Glad to have you here. Hope this is a place for you to find advice and let it out when you feel like you are going to explode.

Colorado Girl's picture

seems to be your overwhelming emotion... not jealousy. You aren't jealous of the title "mom" because you are living the very life that a real mom lives. You're mad that you're doing the bulk of the work and not getting any credit.

That's normal. For any parent who isn't feeling appreciated. Don't fall into the trap of seeing the love they have for her as taking away from you. It doesn't. Your stepchildren will have a very rough time with this mom who obviously cares very little for them. The best gift you can ever bestow upon them is your unconditional love and show them the path of forgiveness... not resentment.

You can't control their mom. You can only control you. You can only show them what a mother is supposed to be, and do it free and clear of any expectation of being recognized. Do it because you love them and they deserve to be loved. You can't replace their mom, it's just a simple fact that can't be denied. You are an addition to their life, not a replacement. Accepting that she is always going to be an influence - good or bad - is just part of the deal.

You are the parent who chose to be in their life. Their mom chose not to be. The facts are what we all see and they'll get it one day too. I promise.

"For every ailment under the sun....There is a remedy, or there is none;
If there be one, try to find it; If there be none, never mind it." ~ W.W. Bartley

Mally's picture

Thank Colorado Girl Its true. but you know there is always those times where I wanna push her off a cliff. My Stepson is 6 and I have been in his life more than her. he still has to go there every summer and he gets scared. its horrifying. It didn't start out like that. My Stepdaughter age 9 used to do things to make me Jelous or so she thought. like hug on her dad and things like that It never bothered me so she stopped. I guess I am pretty lucky that I don't have to deal with that from the kids.

Abigail's picture

You sounds like a great Mom. Yes, mom. Sorry their BM is such a loser. It must be hard to see them hurt by her like that.

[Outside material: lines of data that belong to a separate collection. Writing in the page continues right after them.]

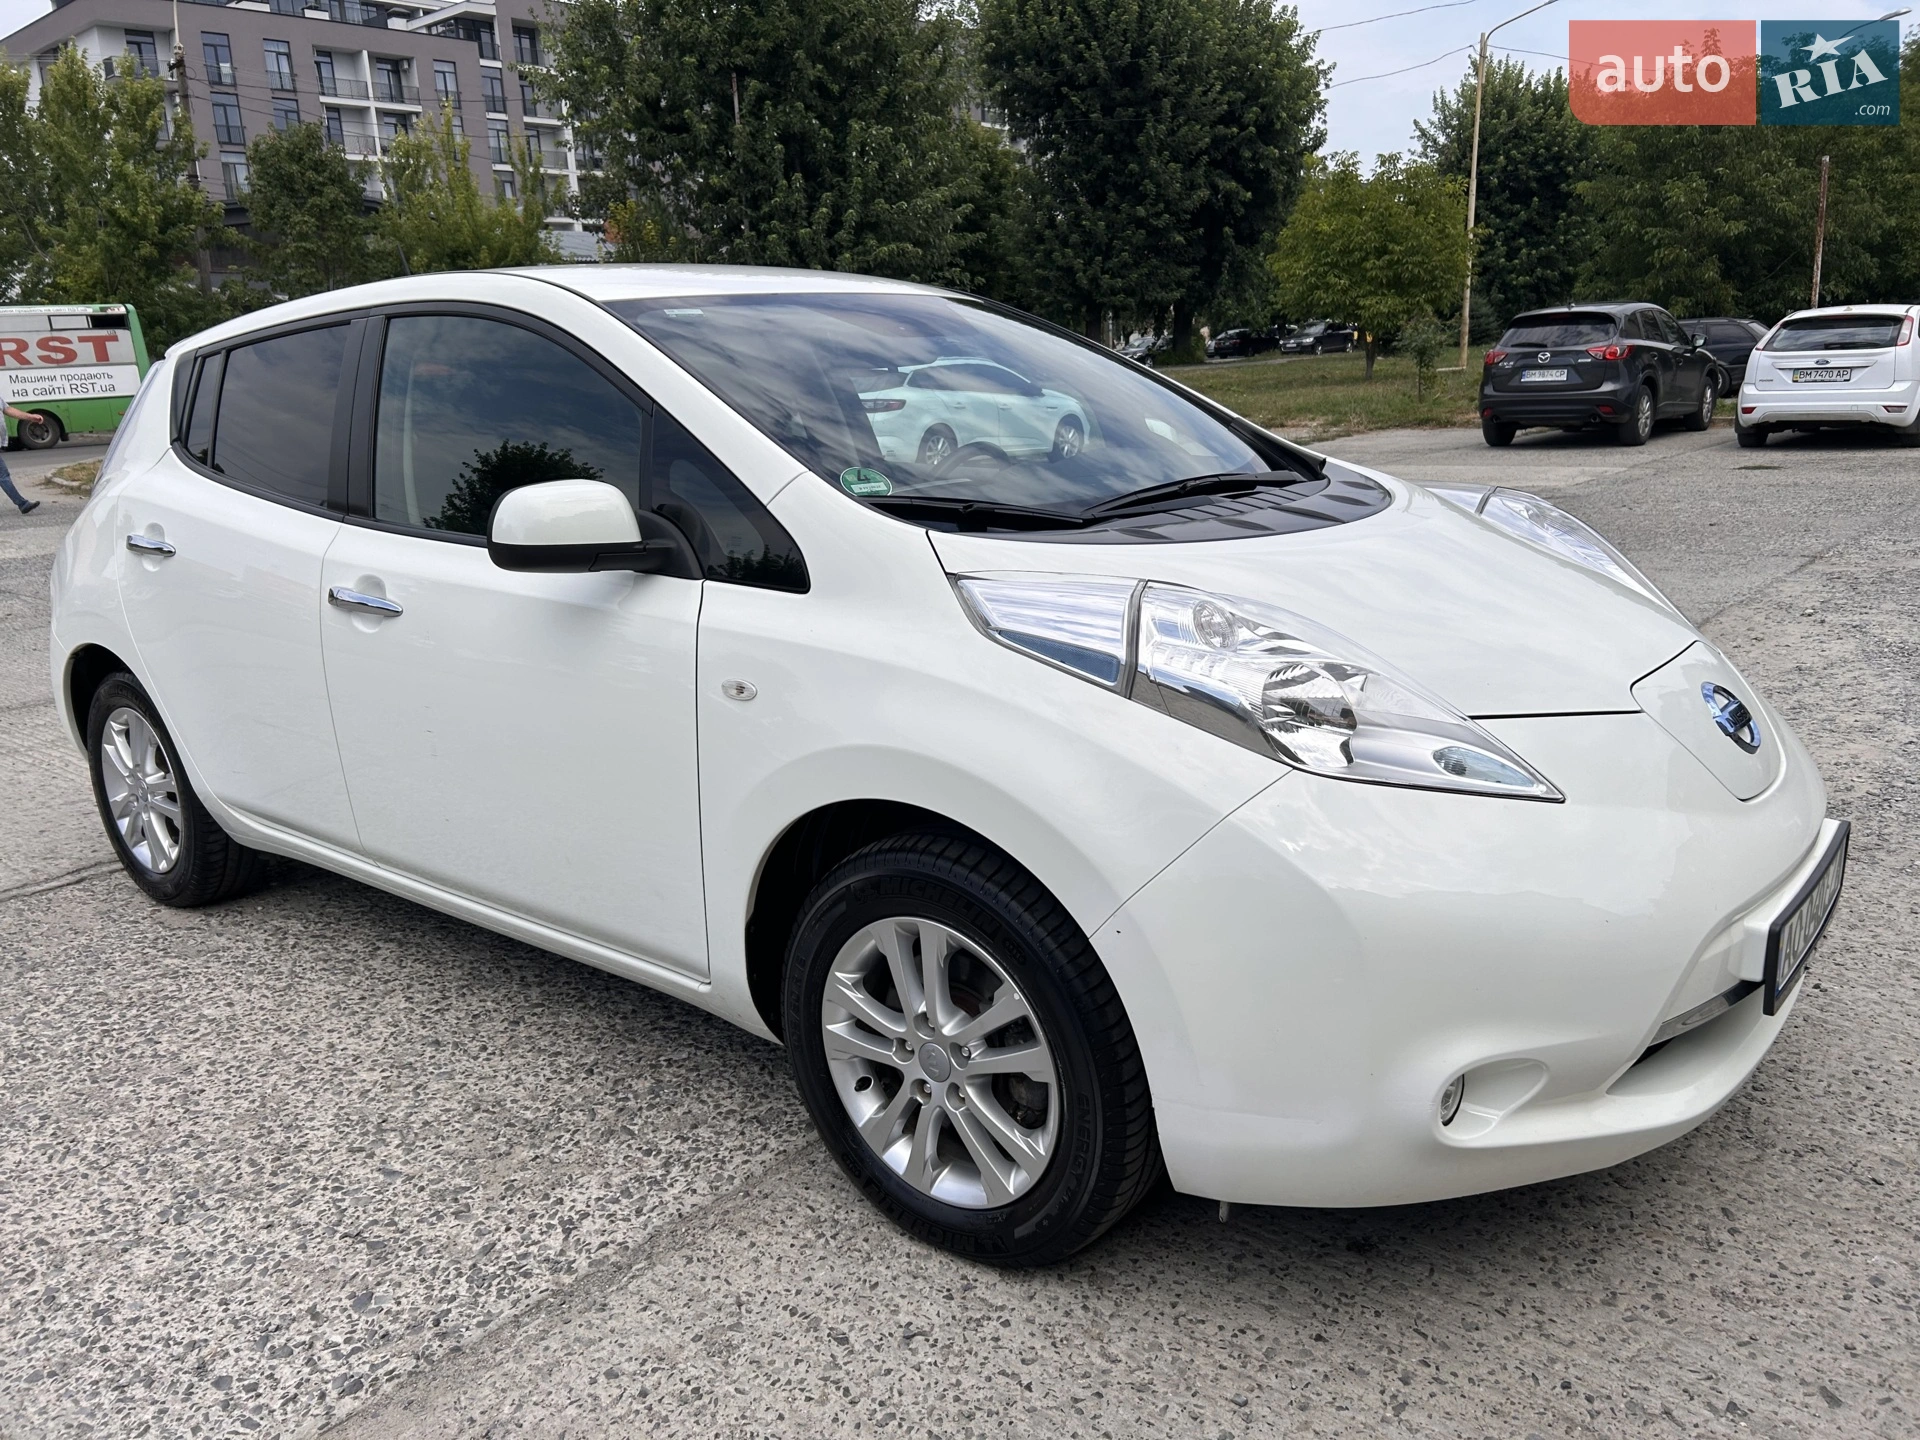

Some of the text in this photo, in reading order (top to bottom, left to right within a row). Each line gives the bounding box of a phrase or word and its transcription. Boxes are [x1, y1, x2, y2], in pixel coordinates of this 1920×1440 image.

[0, 335, 119, 366] RST
[8, 372, 113, 384] Машини продають
[1538, 370, 1553, 378] 9874
[1799, 370, 1849, 379] BM 7470 AP
[12, 382, 116, 397] на сайті RST.ua
[878, 876, 1002, 937] MICHELIN

The skids will totally appreciate you when they are grown. I wish I had a chance with my skids. I would be into it if they were nice like yours.

Mally's picture

The first two years me and DH were together the kids were very rotten but they were confused. They don't really understand that there mother gave up on them. So it was a constant compition on who was better me or her. We i had my son last year things started to change. We became a family togther rather than his kids and my kids. I guess I am lucky but its very difficult having them leave every summer and I think someday they are going to resent that. but thank you very much for that comment its nice to hear that. The frustration gets the best of us sometime but sooner or later there is a reward even though It might take 20 years. My sdad and mom got married when I was 5 and I hated him until now, cause it all make sense now. lol. Step Parents are a different bread all together. We have to fight harder and deal with tougher things than Biological parents do. In the end your still a parent.